_Problem to work on_: An exact restatement of the data below, with the pictures removed, is the required answer.

_Records provided_:
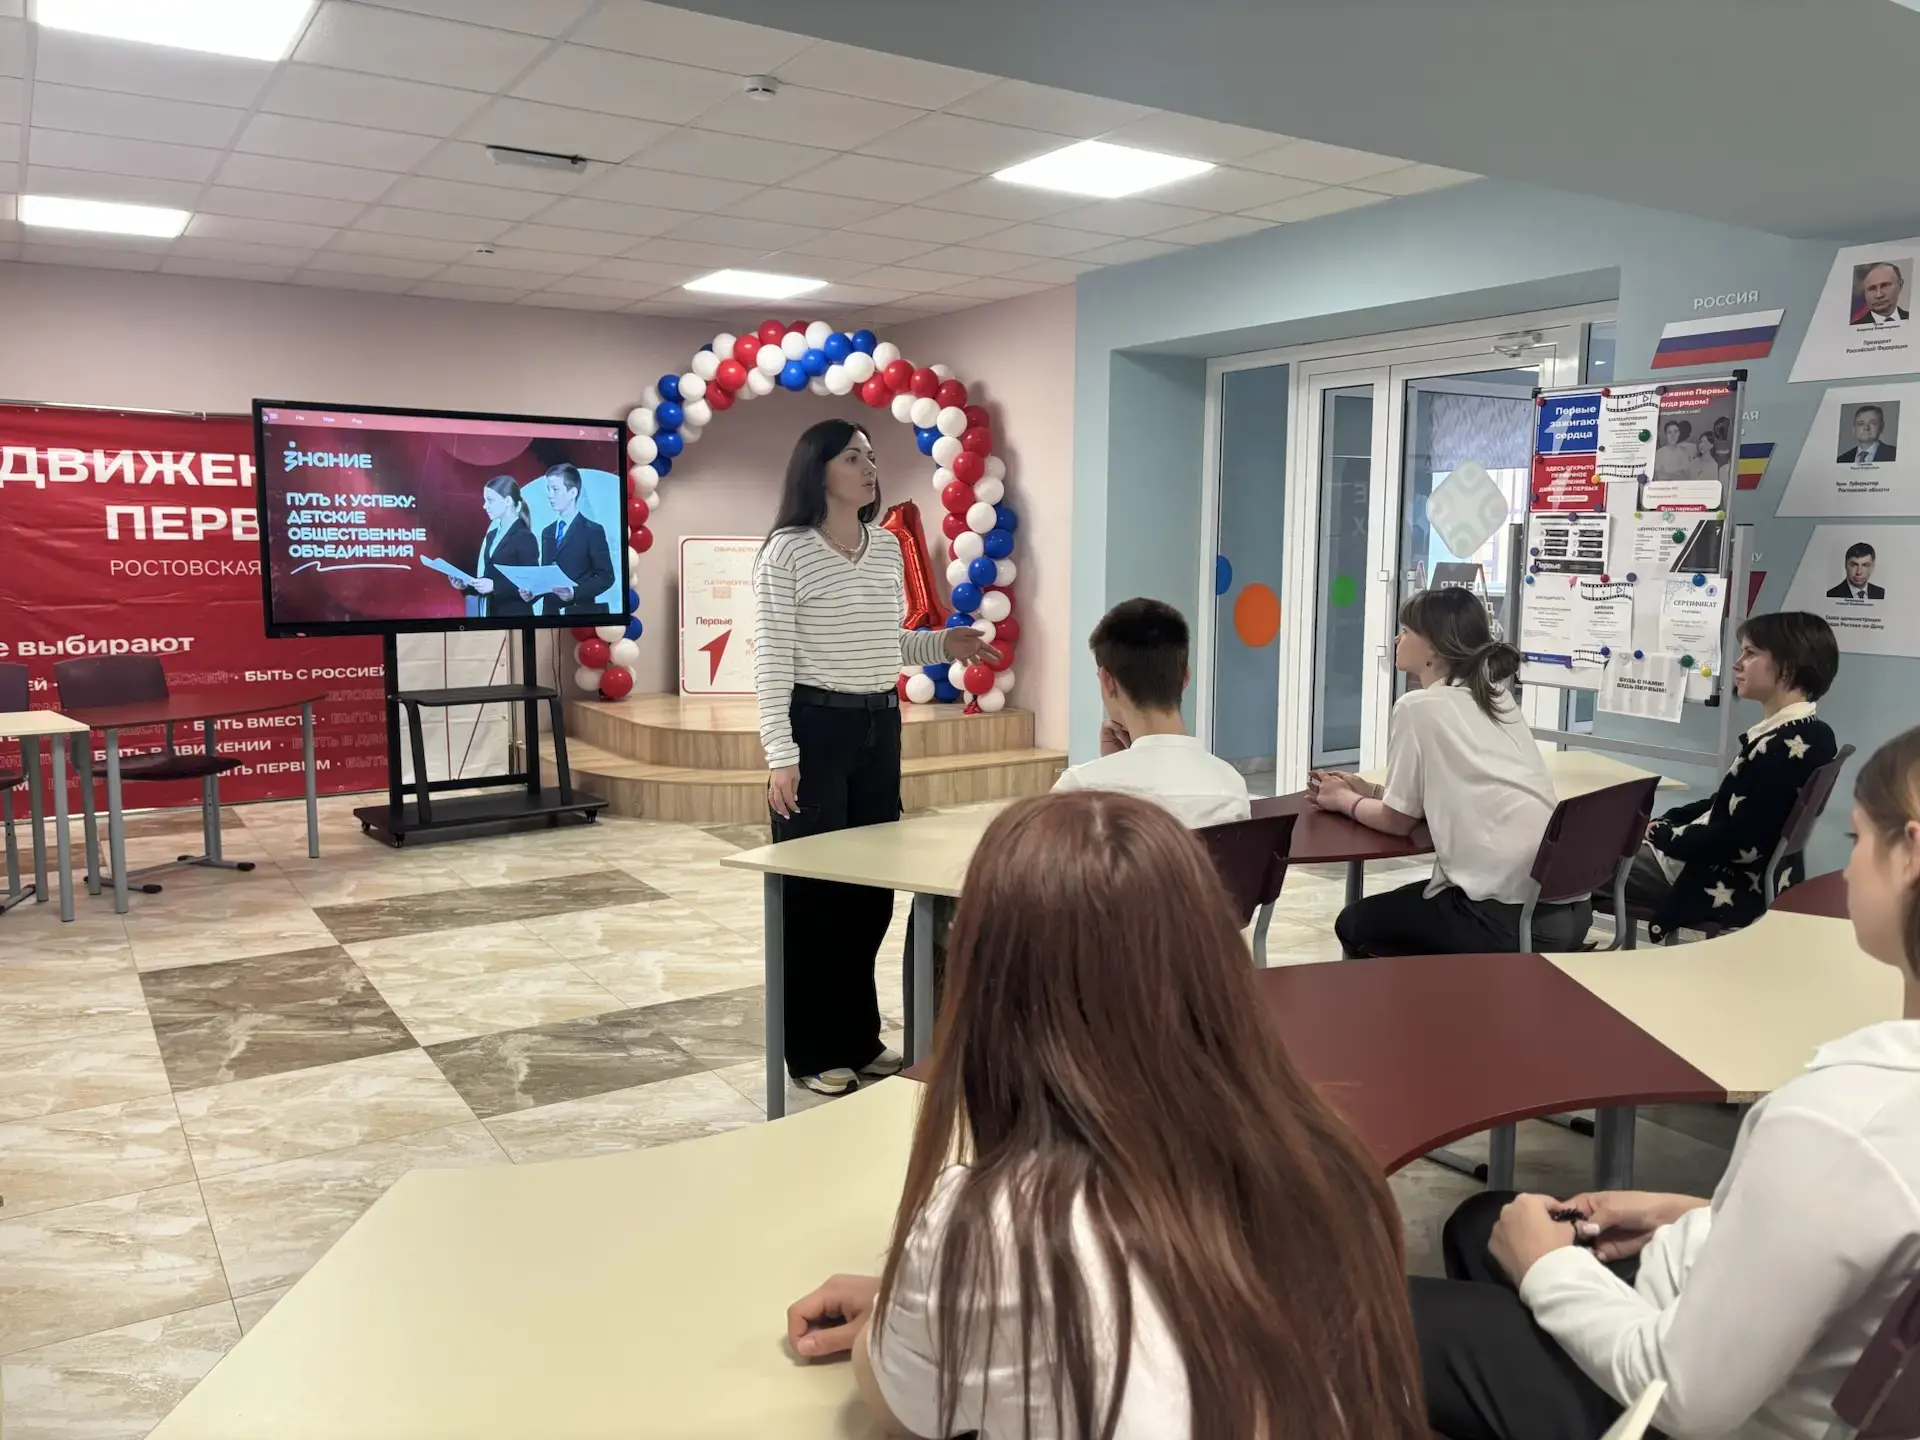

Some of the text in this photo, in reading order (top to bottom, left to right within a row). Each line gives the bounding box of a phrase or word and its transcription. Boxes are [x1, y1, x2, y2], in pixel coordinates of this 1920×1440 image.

[1693, 289, 1760, 310] РОССИЯ
[1663, 390, 1695, 398] ижение
[1679, 398, 1709, 407] рядом!
[1555, 406, 1597, 416] Первые
[1555, 431, 1593, 441] сердца
[285, 492, 417, 508] ПУТЬ К УСПЕХУ:
[286, 509, 367, 525] ДЕТСКИЕ
[287, 527, 428, 543] ОБЩЕСТВЕННЫЕ
[288, 544, 415, 560] ОБЪЕДИНЕНИЯ
[110, 559, 262, 577] РОСТОВСКАЯ
[1672, 599, 1719, 609] СЕРТИФИКАТ
[695, 616, 733, 628] Первые
[17, 632, 195, 657] выбирают
[244, 664, 386, 682] БЫТЬ С РОССИЕЙ
[1634, 685, 1668, 693] ПЕРВЫМ!
[93, 747, 147, 762] БТЬ

_Exercise answer_:
Some of the text in this photo, in reading order (top to bottom, left to right within a row). Each line gives the bounding box of a phrase or word and its transcription. Boxes are [x1, y1, x2, y2], in pixel coordinates of this 1920×1440 image.

[1693, 289, 1760, 310] РОССИЯ
[1663, 390, 1695, 398] ижение
[1679, 398, 1709, 407] рядом!
[1555, 406, 1597, 416] Первые
[1555, 431, 1593, 441] сердца
[285, 492, 417, 508] ПУТЬ К УСПЕХУ:
[286, 509, 367, 525] ДЕТСКИЕ
[287, 527, 428, 543] ОБЩЕСТВЕННЫЕ
[288, 544, 415, 560] ОБЪЕДИНЕНИЯ
[110, 559, 262, 577] РОСТОВСКАЯ
[1672, 599, 1719, 609] СЕРТИФИКАТ
[695, 616, 733, 628] Первые
[17, 632, 195, 657] выбирают
[244, 664, 386, 682] БЫТЬ С РОССИЕЙ
[1634, 685, 1668, 693] ПЕРВЫМ!
[93, 747, 147, 762] БТЬ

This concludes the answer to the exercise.